April 25, 2024

Water pollution

Florida's septic tanks and pollution

Mike Vogel | 10/25/2019

Flashpoint: Florida Bay

When it comes to Florida Bay, the expanse of shallow water at the southern tip of the peninsula fed by the Everglades, Brian Lapointe’s focus on nitrogen as the key pollutant flashes into a scientific brawl with researchers he derides as the “Florida Bay Club” along with the Everglades Foundation, the influential environmental group founded by billionaire Paul Tudor Jones and the late Orlando developer George Barley. The foundation, in Lapointe’s view, has been “driving the bus” on policy that worsens algae in the bay, seagrass die-offs and impacts on marine life.

The prevailing view that has shaped water policy holds that Florida Bay has grown too salty since humans altered the flow of water in the Everglades and deprived the bay of enough freshwater. During droughts, the bay becomes twice as salty as the ocean in some places. If salinity spikes too much, the bay crashes, as happened in 2016, killing 80,000 acres of seagrass on the Florida Bay bottom. Dead seagrass can’t serve as a critical part of fish habitat or help clean water and releases nutrients as it decomposes, leading to algal blooms.

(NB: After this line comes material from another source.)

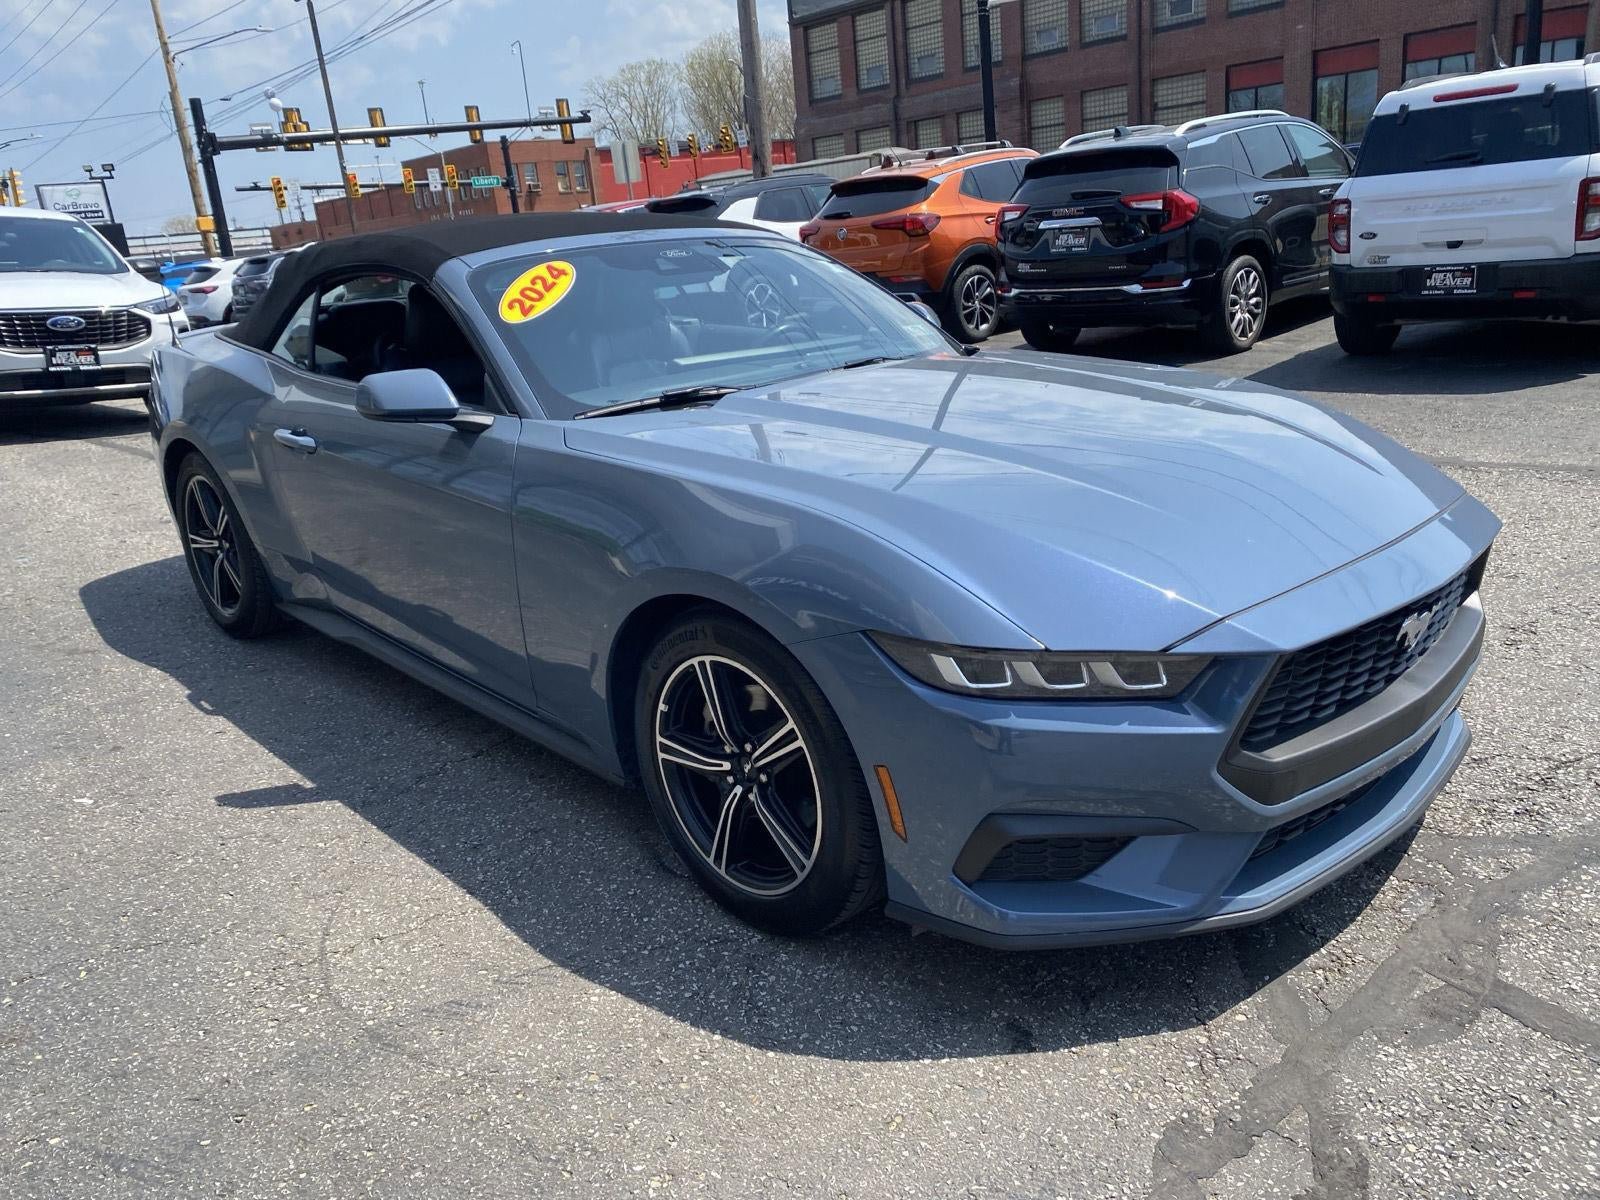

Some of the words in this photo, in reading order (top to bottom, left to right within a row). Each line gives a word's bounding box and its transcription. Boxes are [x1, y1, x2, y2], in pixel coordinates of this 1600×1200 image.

[475, 178, 497, 186] Liberty
[53, 201, 100, 211] CarBravo
[1426, 277, 1472, 287] WEAVER
[507, 262, 569, 318] 2024

The commonly accepted solution is to move more freshwater south from Lake Okeechobee and farmlands, mimicking how water flowed before humans redirected it. In the process, a key challenge is removing phosphorous, which causes a cascade of problems in the Everglades. Those principles are reflected in the multi-billion-dollar Everglades restoration project.

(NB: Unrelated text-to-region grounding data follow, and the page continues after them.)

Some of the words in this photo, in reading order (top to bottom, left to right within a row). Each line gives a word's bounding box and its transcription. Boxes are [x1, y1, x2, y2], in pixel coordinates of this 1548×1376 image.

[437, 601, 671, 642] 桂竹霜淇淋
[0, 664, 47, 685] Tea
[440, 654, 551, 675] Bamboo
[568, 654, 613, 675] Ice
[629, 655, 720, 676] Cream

Lapointe, however, says the bay’s problem isn’t salinity; it’s the nitrogen in the water it receives. Omitting nitrogen removal from the restoration plan is a major error, he says — both nitrogen and phosphorus must be controlled. Opposing scientists, some of whom he calls “scientists for hire,” are “dead wrong,” Lapointe says — nitrogen in the marine environment of Florida Bay causes blooms that will persist as long as the nitrogen keeps coming.

Among the very few scientists who agree with Lapointe is Larry Brand, a marine biologist with the University of Miami’s Rosentiel School of Marine and Atmospheric Science. Brand says moving more nitrogen-loaded freshwater south is a “scientific mistake. This is a major story in my view, and it’s not being told.” Scientists in the opposing camp don’t take that message well, he says. “They would shut me up in meetings. It was nasty.”

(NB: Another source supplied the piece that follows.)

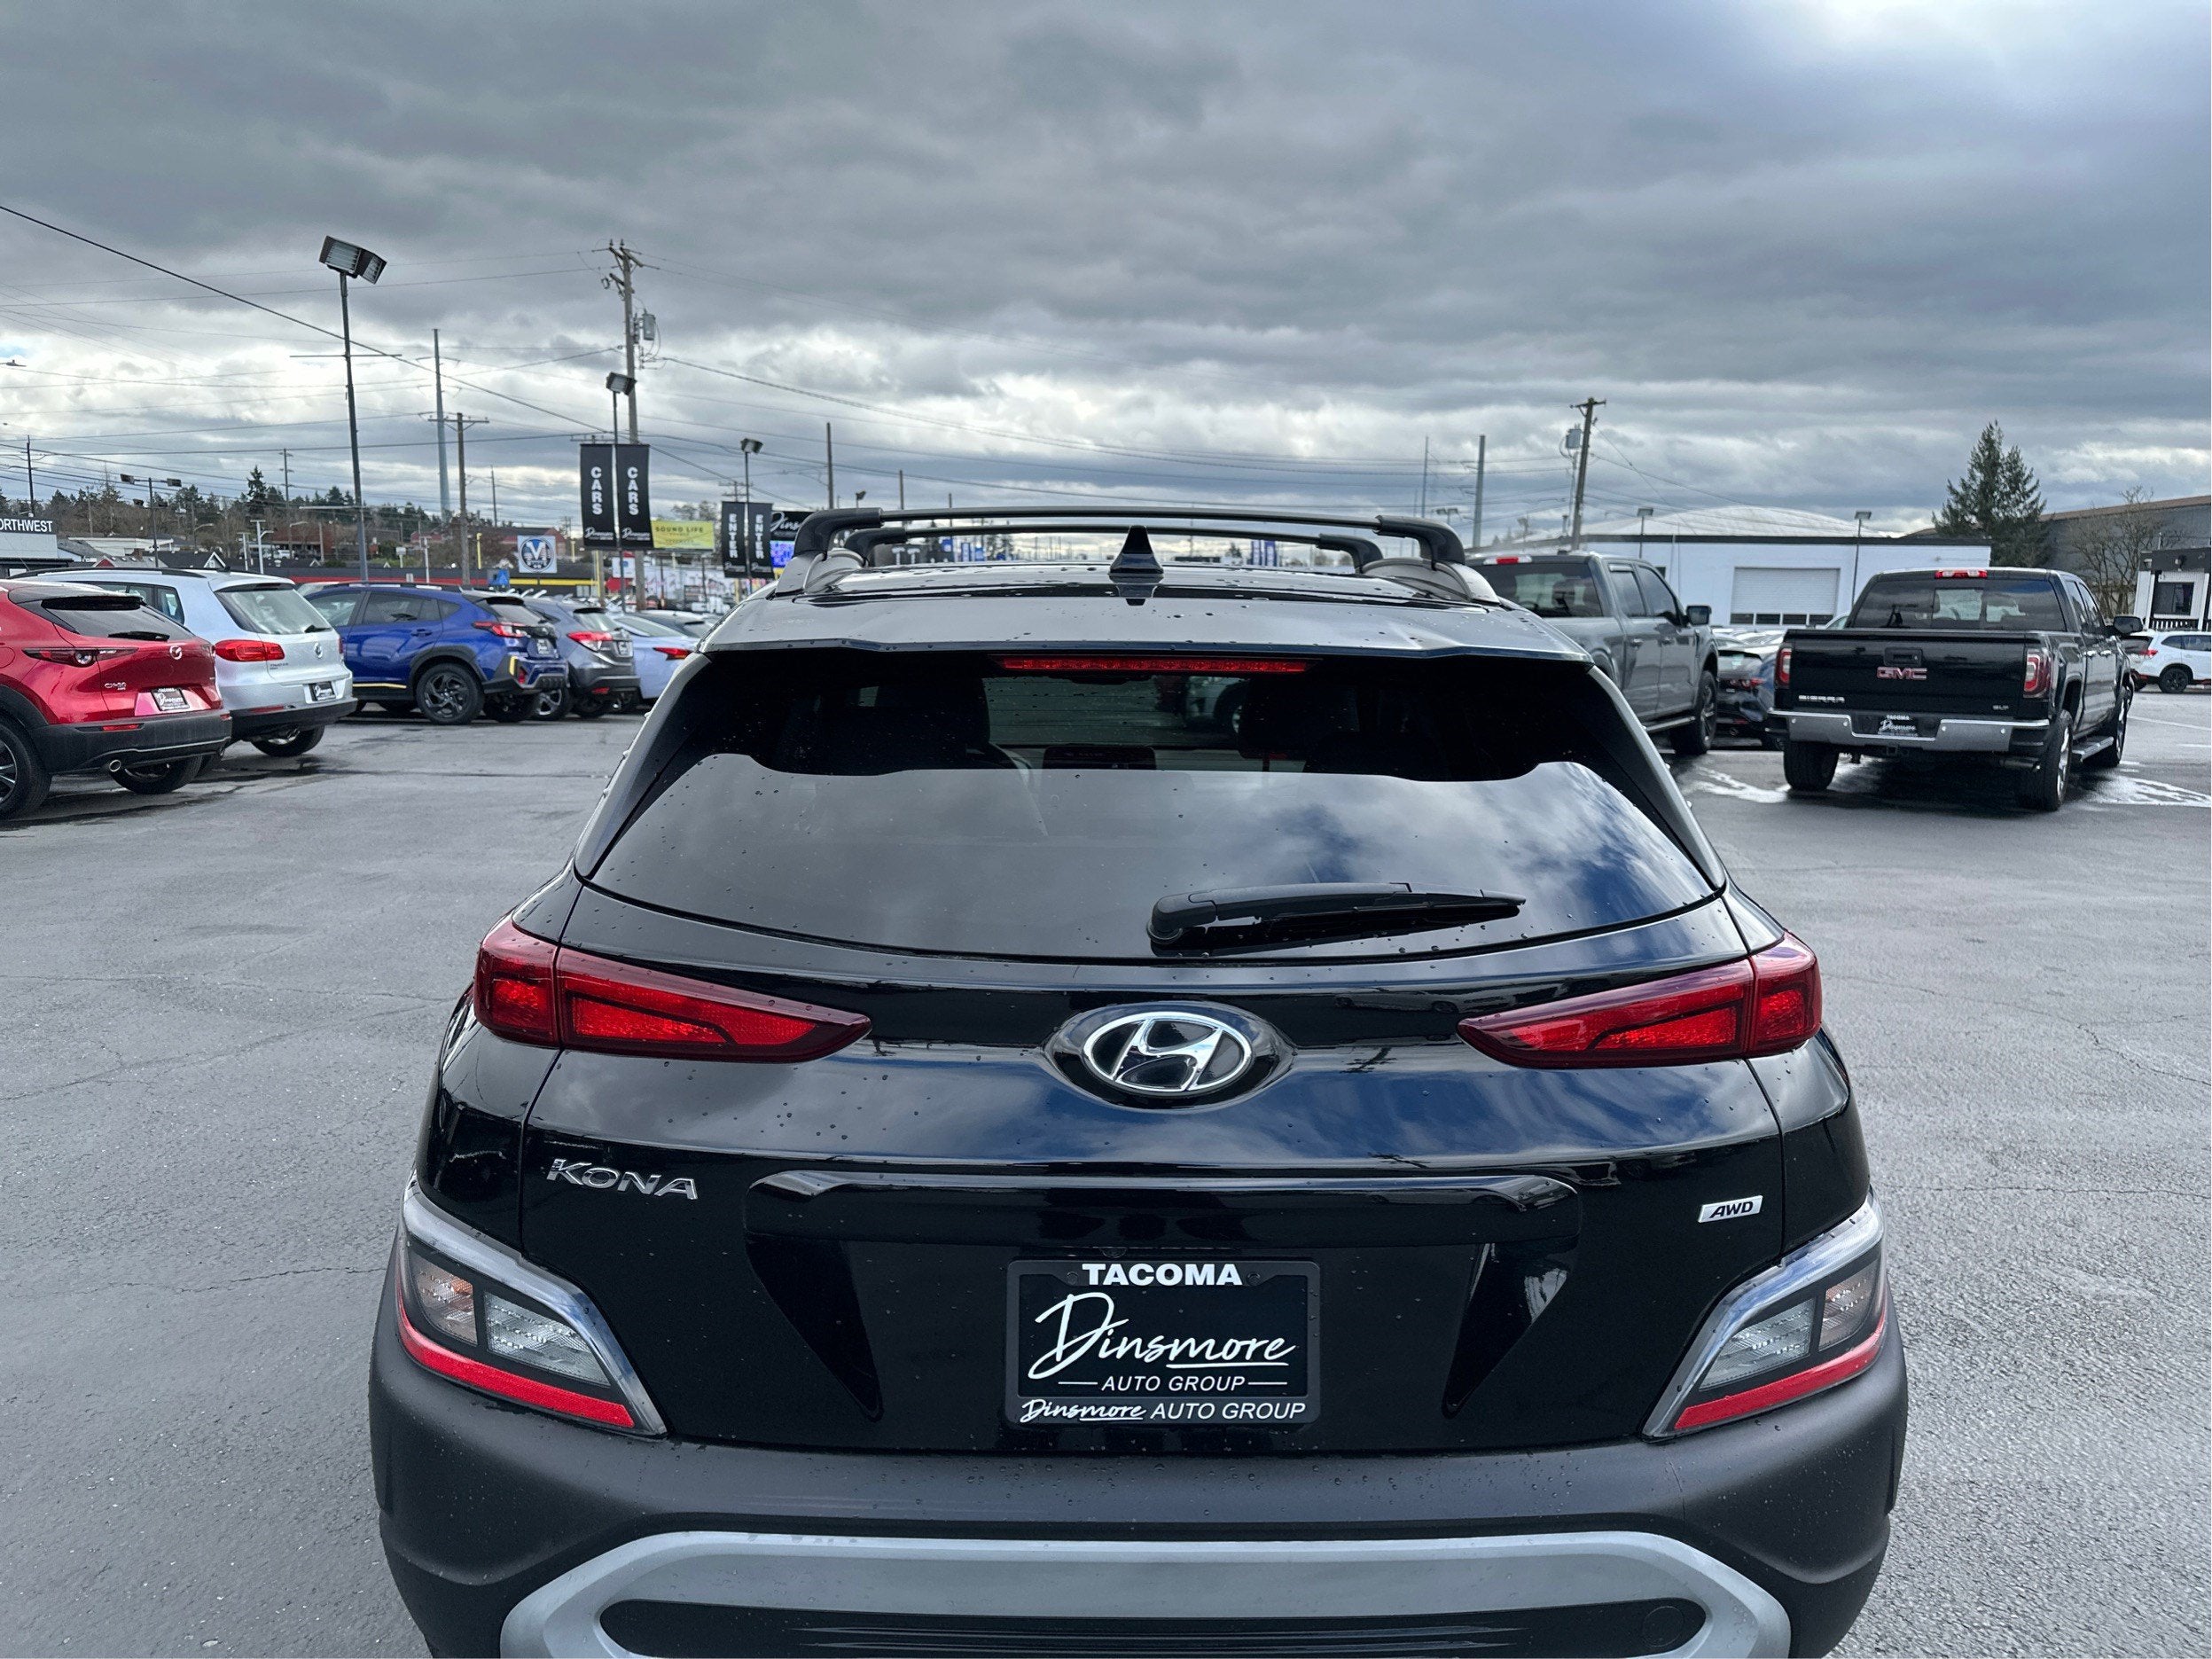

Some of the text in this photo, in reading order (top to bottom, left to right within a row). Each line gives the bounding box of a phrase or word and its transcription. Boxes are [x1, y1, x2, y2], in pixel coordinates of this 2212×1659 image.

Brand says farming south of Lake Okeechobee exposes the peat soil — naturally rich in nitrogen — to air. That releases the nitrogen south. Restoration projects that remove phosphorus from the system help the Everglades but leave too much nitrogen, which ends up in the bay. Brand says the only solution is to stop farming sugar. If the peat stays submerged, the nitrogen isn’t released.

Steve Davis, senior ecologist with the Everglades Foundation, says independent and reputable scientists don’t agree with Lapointe and that the data don’t support Lapointe’s and Brand’s concerns about nitrogen in the water. The quality of water — including nitrogen — coming out of Everglades National Park into Florida Bay doesn’t contribute significantly to algal blooms in the bay, he says. Davis says Lapointe is “connecting dots without looking at actual causation.”